We organized workshops and 1:1s to align everyone on Figma components and their usage. We devised acceptable "hacks" for purpose-built components, easing the development team's burden. The design team was receptive, enabling effective synchronization.
Organization and additional libraries
To help organize our design system, we also created a pattern library in which bigger elements such as screen templates or design patterns would live. Additionally, we created a data visualization library that included a vast array of customizable charts based on the Nivo React library.
While the team was transitioning from Sketch to Figma, I set up a "helper" library with annotations and page covers to establish structure and organization for our new Figma file system.
Scaling and customization — A design system for every carrier
To ensure that we could easily customize our design system for every life insurance carrier, we developed a workflow in which we could maintain and version control client-specific, branded versions of our design system for every brand. While before, this would entail a designer sitting down and essentially recreating the whole design, the same could now be performed with a simple asset swap.
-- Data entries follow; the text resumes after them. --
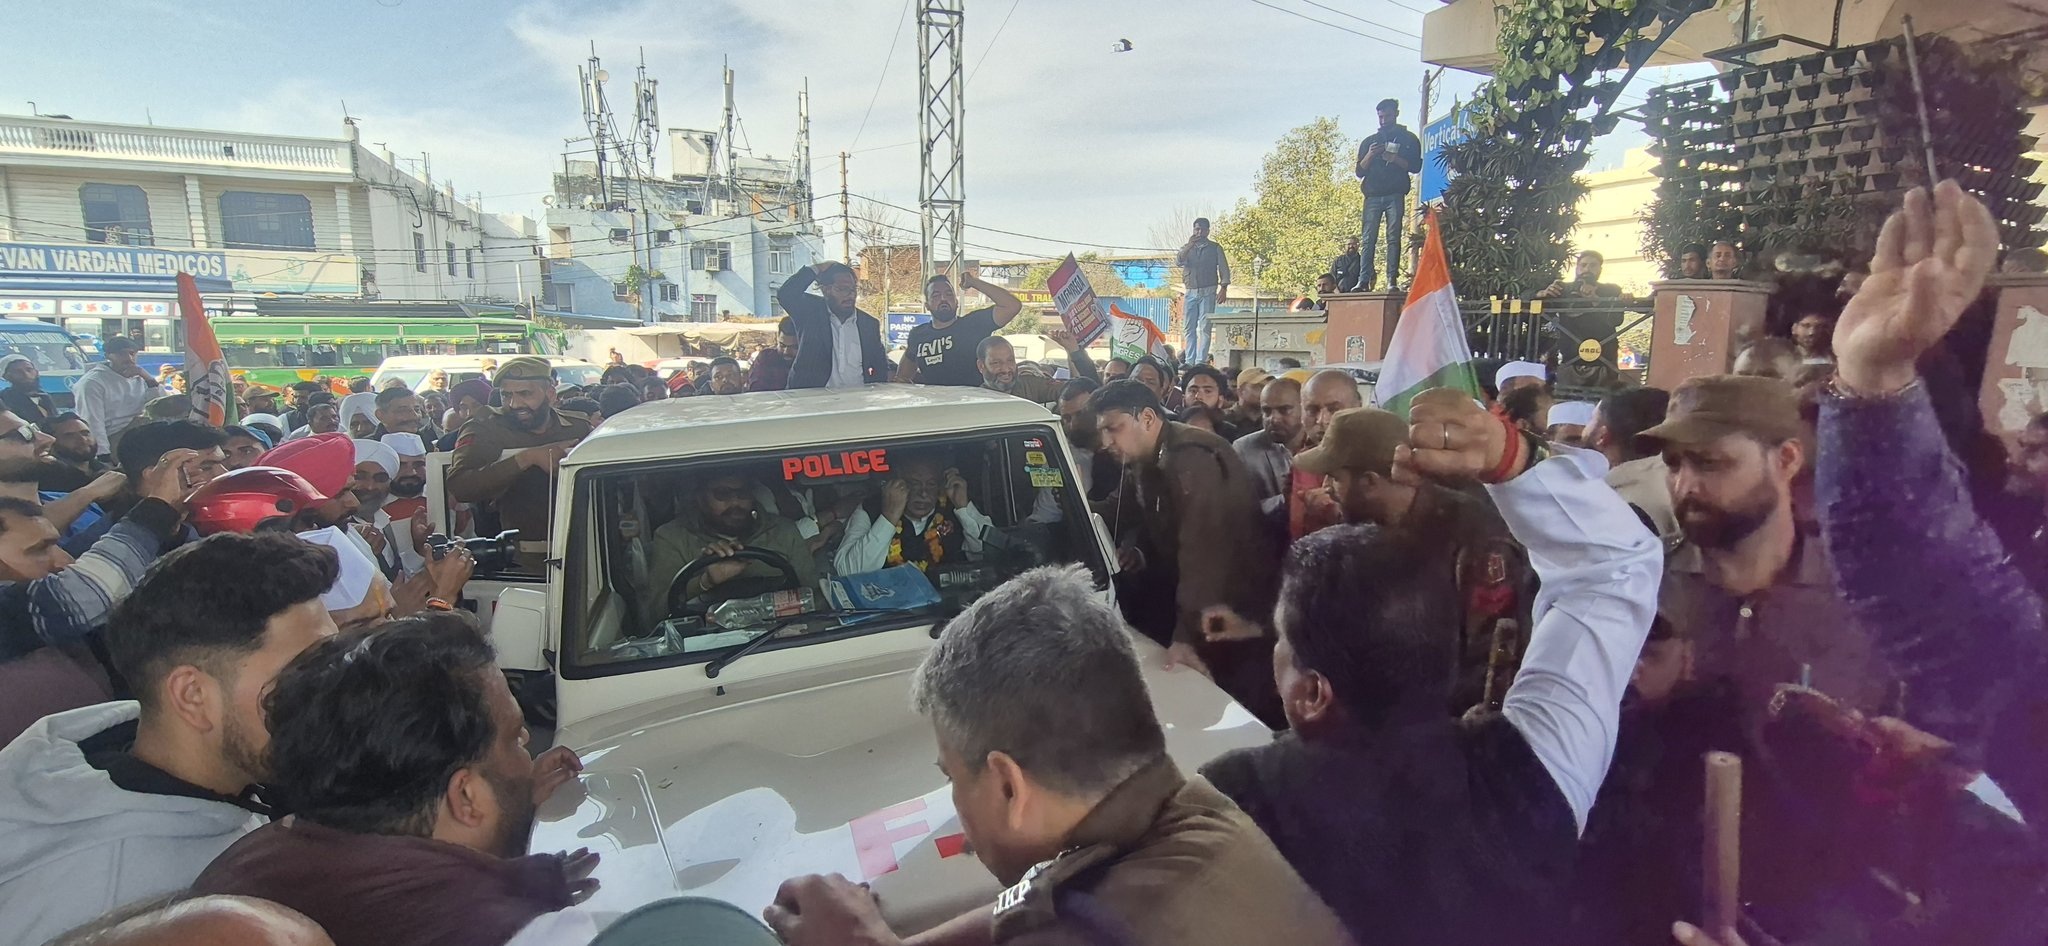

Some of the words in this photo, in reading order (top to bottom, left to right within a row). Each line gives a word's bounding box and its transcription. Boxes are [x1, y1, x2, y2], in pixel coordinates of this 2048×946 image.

[1424, 114, 1461, 154] Vertical
[51, 249, 133, 274] VARDAN
[137, 252, 223, 277] MEDICOS
[1014, 292, 1030, 302] OL
[903, 315, 916, 323] NO
[916, 335, 953, 358] LEVI'S
[782, 448, 890, 480] POLICE
Here’s the gist of the process:
- The white-labeled SureUI file contains all the base default tokens — colors, icons, typography, border radii, logos.
- When approaching a new brand, we add a new branch to the SureUI file, so that any base updates would trickle down later.
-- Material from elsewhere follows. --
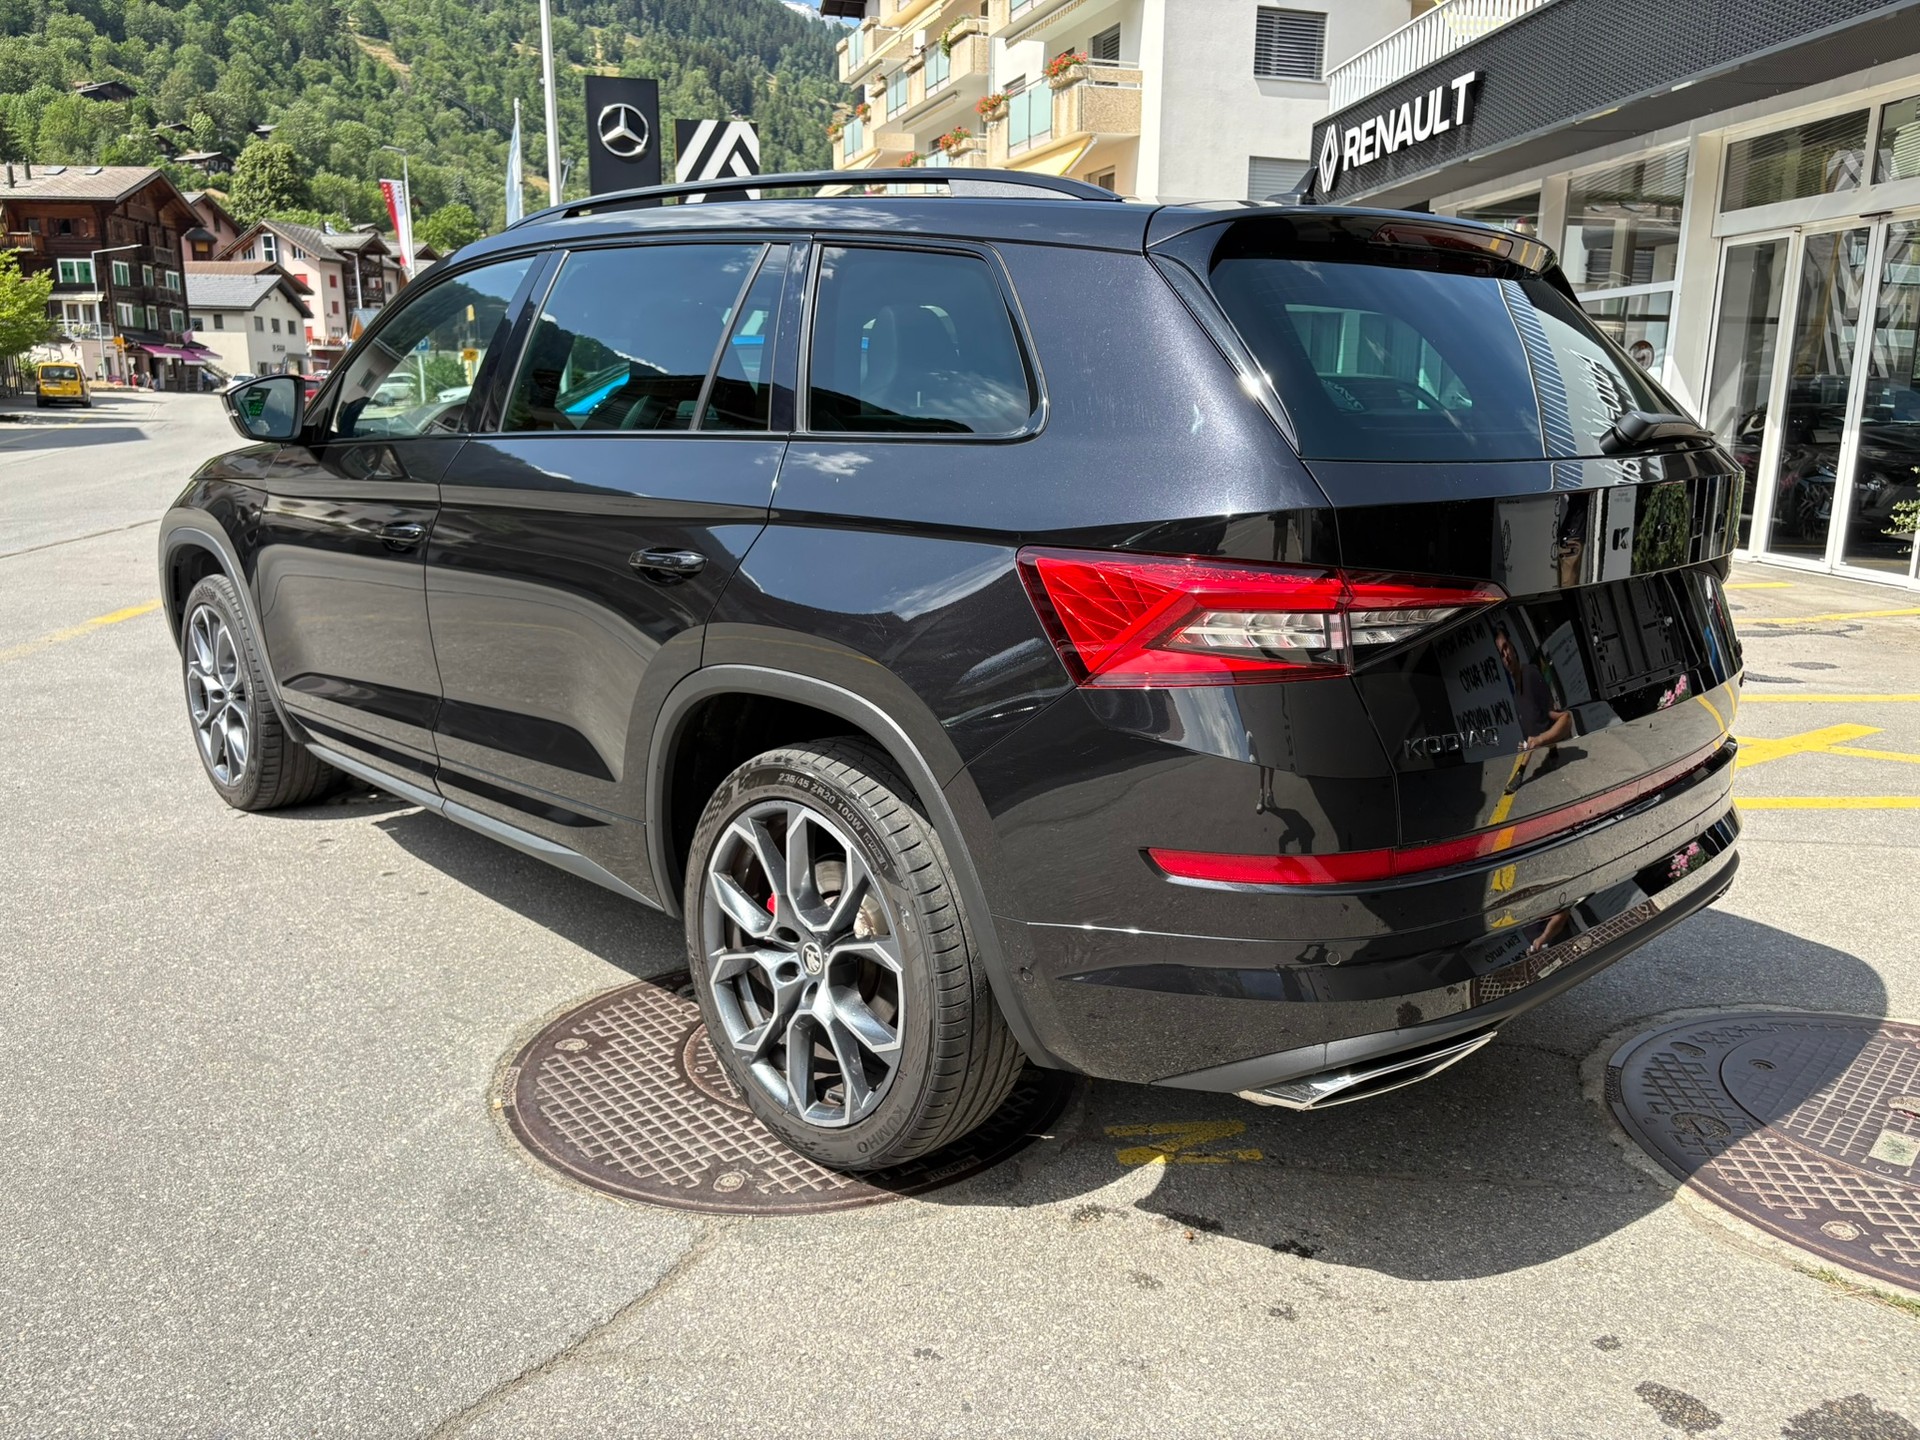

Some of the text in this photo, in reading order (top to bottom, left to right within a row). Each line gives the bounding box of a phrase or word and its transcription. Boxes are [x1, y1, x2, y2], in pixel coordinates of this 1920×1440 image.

[1343, 71, 1475, 172] RENAULT
[1403, 728, 1499, 760] KODIAQ
[778, 773, 864, 831] 235/45 ZR20 100W
[857, 1104, 907, 1154] KUMHO
- All brand-specific customizations to tokens or components are made within the file branch.
- Regularly, branches are exported to immutable, versioned files.
- Any white-labeled design files can then be easily branded with a simple library swap for demo, testing purposes, or simply to give the developers a clearer view of all the available tokens.
- Every version of the design system (both base white-labeled, and branded) have their own changelog, which documents any necessary file-specific information.
Progress
Things didn’t just work from day one — like everything, the design system and component libraries required refinements, further discussions, and iterations. Eventually, though, through a series of workshops and lots of communication, we were able to create a system that worked well for our team, and which has continued to evolve and improve over time.
Next steps
A next step that we’re looking into is other platform implementations. Since our products were mostly web-based at the time, most of the focus went into finding a web-based solution. However, with time, the need to branch out the design system became obvious when the same inconsistencies started popping up on iOS, and Android. These implementations, however, will be a part of another case study.
Results
Increased visibility and reduced miscommunication
Documentation, guidelines, design tokens were made visible to everyone. A Storybook library was established to make it easy for everyone to access and use the design system. Miscommunication, a common problem in the past, was reduced. The gap between designs and implementations was minimized.
Improved turnaround times and cleaner designs
The design system led to visible improvements in both our design consistency and processes. Overlapping parts of our products were now more easily reused, which lead to faster turnaround times. White-labeled flows were branded in an instant, thanks to our new processes. New features had a much faster time to market
Positive reception by the organization and carriers alike
These effects were quickly noticed and got an immense reaction from our clients and the organization as a whole. Stakeholders appreciated the improved efficiency, consistency, and user experience brought about by the design system. The product teams felt they could focus more on innovation and problem-solving, rather than reimplementing common elements and flows.